BEIJING (Reuters) – How will China’s metaverse evolve? Look to the letter “c”. Clean, censored, compliant and crypto-less is the view from experts.
The descriptions point to the long shadow thrown by Chinese authorities who have already intimated they will have a heavy regulatory hand in how it will develop – a shadow some China metaverse advocates fear will stunt its growth.
From Microsoft’s $69 billion plan to buy Activision to Facebook changing its name to Meta Platforms Inc, much of the tech world is leaping to build what many expect will be the next generation of the internet: immersive virtual worlds that replicate many aspects of real life.
Experts say China’s metaverse efforts lag countries such as the United States and South Korea, citing less investment by domestic tech giants. Industry-leading products like Meta’s Oculus virtual reality (VR) headsets are banned in China and the slow development of attractive domestically made VR headsets has meant China has yet to see a VR platform or metaverse gain significant popularity.
But interest has begun to surge. In the past year, more than 1,000 companies including heavyweights such as Alibaba Group Holding and Tencent Holdings Ltd have applied for around 10,000 metaverse-related trademarks, according to business tracking firm Tianyancha.
Baidu broke new ground in December with the launch of “XiRang”, described as China’s first metaverse platform though it has been widely panned for not offering a high-level immersive experience. Baidu says its app is a work in progress.
Start-ups too are seeing more investment. In the three months to end-November, more than 10 billion yuan ($1.6 billion) was invested in metaverse-related ventures, far more than the 2.1 billion yuan of investment that China’s VR and related industries attracted for all of 2020, according to Sino Global, a crypto venture capital firm focused on China.

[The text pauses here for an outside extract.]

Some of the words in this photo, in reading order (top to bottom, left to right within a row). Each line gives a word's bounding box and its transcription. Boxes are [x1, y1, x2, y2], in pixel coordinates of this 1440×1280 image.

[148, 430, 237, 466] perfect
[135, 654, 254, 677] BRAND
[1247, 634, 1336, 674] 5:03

“Investors and venture capital managers who hadn’t talked to me in years were suddenly messaging – asking if I want to go for a meal and talk. They all want to talk metaverse,” said Beijing-based Pan Bohang whose startup plans to launch a VR social gaming platform.
A REGULATED REALM
Experts say the infancy of China’s metaverse allows Beijing plenty of room to co-opt its development, particularly since the current metaverse buzz has coincided with an unprecedented regulatory crackdown on tech and other industries.
“Traditional Chinese internet businesses developed first and were then regulated. Industries like the metaverse will be regulated as they are built,” said Du Zhengping, head of the state-backed China Mobile Communications Association’s metaverse industry committee which was formed in October.

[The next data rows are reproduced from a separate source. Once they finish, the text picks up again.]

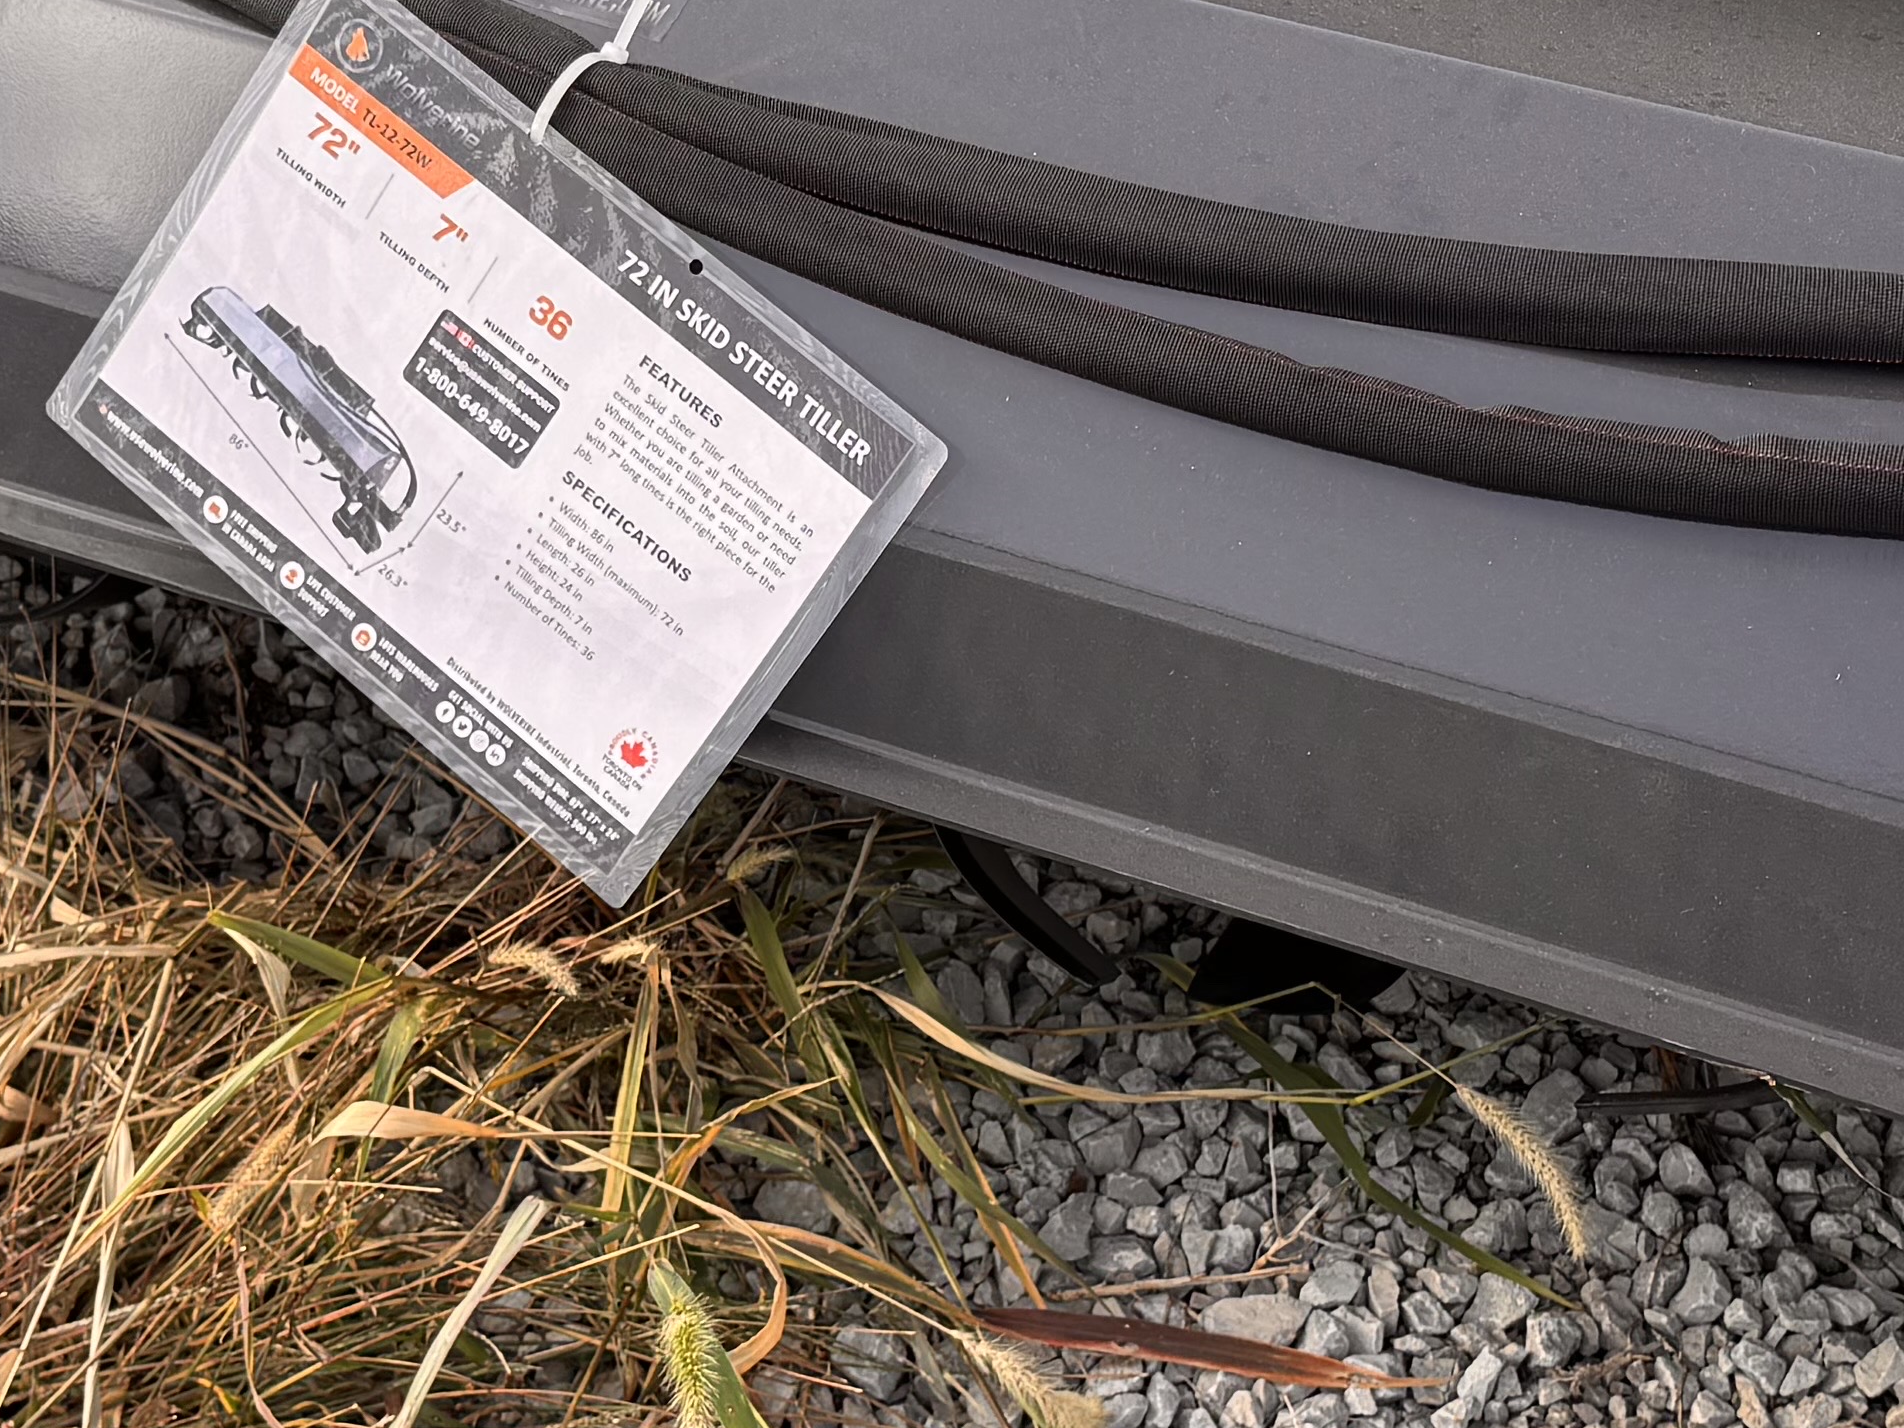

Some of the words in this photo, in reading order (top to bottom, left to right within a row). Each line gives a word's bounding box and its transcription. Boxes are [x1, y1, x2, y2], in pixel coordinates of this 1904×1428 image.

[305, 111, 361, 163] 72"
[309, 65, 360, 114] MODEL
[361, 107, 432, 169] TL-12-72W
[379, 62, 483, 149] Wolverine
[275, 146, 313, 182] TILLING
[313, 177, 346, 208] WIDTH
[378, 230, 417, 267] TILLING
[416, 262, 450, 293] DEPTH
[482, 317, 525, 355] NUMBER
[524, 351, 539, 365] OF
[540, 363, 570, 392] TINES
[527, 293, 574, 341] 36
[471, 343, 518, 385] CUSTOMER
[514, 378, 555, 414] SUPPORT
[615, 248, 650, 286] 72
[646, 273, 680, 309] IN
[674, 297, 732, 351] SKID
[727, 339, 800, 408] STEER
[796, 393, 872, 466] TILLER
[638, 354, 723, 428] FEATURES
[413, 355, 530, 455] 1-800-649-8017
[572, 443, 594, 466] job.
[603, 402, 645, 441] Whether
[644, 439, 665, 459] you
[665, 456, 683, 473] are
[683, 469, 713, 498] tilling
[711, 494, 720, 504] a
[719, 500, 756, 533] garden
[755, 530, 769, 543] or
[768, 540, 796, 566] need
[612, 389, 655, 428] excellent
[655, 425, 687, 455] choice
[687, 450, 705, 468] for
[704, 465, 720, 480] all
[718, 477, 743, 500] your
[742, 496, 772, 526] tilling
[771, 521, 803, 552] needs.
[622, 373, 641, 395] The
[643, 392, 667, 415] Skid
[668, 413, 696, 439] Steer
[699, 437, 725, 463] Tiller
[727, 462, 784, 512] Attachment
[799, 523, 814, 538] an
[558, 500, 591, 533] Width:
[589, 527, 605, 544] 86
[602, 538, 615, 553] in
[561, 469, 692, 583] SPECIFICATIONS
[584, 430, 607, 453] with
[618, 458, 642, 484] long
[641, 477, 666, 502] tines
[664, 496, 675, 510] is
[674, 505, 693, 524] the
[691, 520, 716, 544] right
[714, 540, 743, 566] piece
[742, 560, 759, 578] for
[757, 574, 776, 593] the
[593, 416, 606, 431] to
[608, 429, 628, 449] mix
[628, 446, 674, 486] materials
[674, 483, 696, 505] into
[697, 502, 716, 522] the
[740, 540, 760, 558] our
[761, 555, 786, 579] tiller
[524, 548, 560, 583] Height:
[558, 577, 573, 593] 24
[571, 587, 583, 602] in
[535, 532, 572, 568] Length:
[570, 561, 585, 578] 26
[583, 572, 595, 587] in
[547, 516, 576, 548] Tilling
[575, 540, 605, 570] Width
[602, 564, 660, 617] (maximum):
[659, 611, 674, 628] 72
[672, 622, 684, 636] in
[503, 580, 542, 616] Number
[540, 613, 555, 626] of
[552, 621, 581, 650] Tines:
[579, 645, 595, 661] 36
[514, 563, 543, 595] Tilling
[541, 588, 575, 620] Depth:
[573, 614, 583, 625] 7
[580, 621, 593, 635] in

But China’s authoritarian approach is at odds with how the metaverse is developing in other parts of the world where users are attracted to new ways of expressing themselves, and it will stifle growth, says Eloi Gerard, a VR entrepreneur who worked in China for 10 years before recently moving to Los Angeles.
“The metaverse is already a place where you have religious groups, LGBT movements, gathering all around the world and using the virtual world to share ideas, this is what people are doing on VRChat right now…it is crazy progressive and liberal,” he said, referring to a popular San Francisco-based VR platform.
“The idea of the metaverse is that one moves between virtual worlds…this goes immediately against the idea of one party, one voice, one vision.”
Experts also note that gaming – considered the gateway technology to the metaverse – is tightly regulated in China.
Games must be approved by the government and while battle games are allowed, strong violent content such as the depiction of blood and dead bodies is banned, as is anything that can be construed as obscene. As part of their recent regulatory crackdown, authorities have also sought to rein in gaming by minors as well as excessive adulation of celebrities and money.
Gaming giants such as Tencent and NetEase Inc have been quick to state publicly that they will comply with any rules while developing metaverse offerings.
THE GOVERNMENT’S REACH
The long arm of the government looks set to be duly felt in other ways too. An influential app, Xuexi Qiangguo, which is required reading for many Communist Party cadres, published an article in November that said the metaverse should be used to improve the quality of mandatory ideological education classes for school children.
At a January meeting of Beijing’s municipal political advisory body which discussed the metaverse’s development, proposals included a registration system for metaverse communities aimed at preventing them from influencing wider public opinion and causing economic or financial shocks, according to a state media report.
And while crypto currencies have become a defining feature of many Western metaverse worlds – they are notably absent in China’s metaverse as they have been banned by Beijing. Instead,the manifold forms of Chinese digital payment already in use, like the central government’s digital yuan, will likely take their place.
Despite the many probable restrictions, some entrepreneurs say China’s metaverse will flourish simply because of Chinese consumers’ willingness to try new forms of online entertainment.
Nikk Mitchell, whose company is in talks about metaverse projects based on Chinese stories that will play up elements such as Chinese calligraphy and traditional costumes, is one such believer, noting progress in domestic VR glasses and content.
When Chinese consumers are ready to give this metaverse-related tech another shot, “then there will be mass adoption at a level that I don’t think will happen in the West nearly as quick,” he said.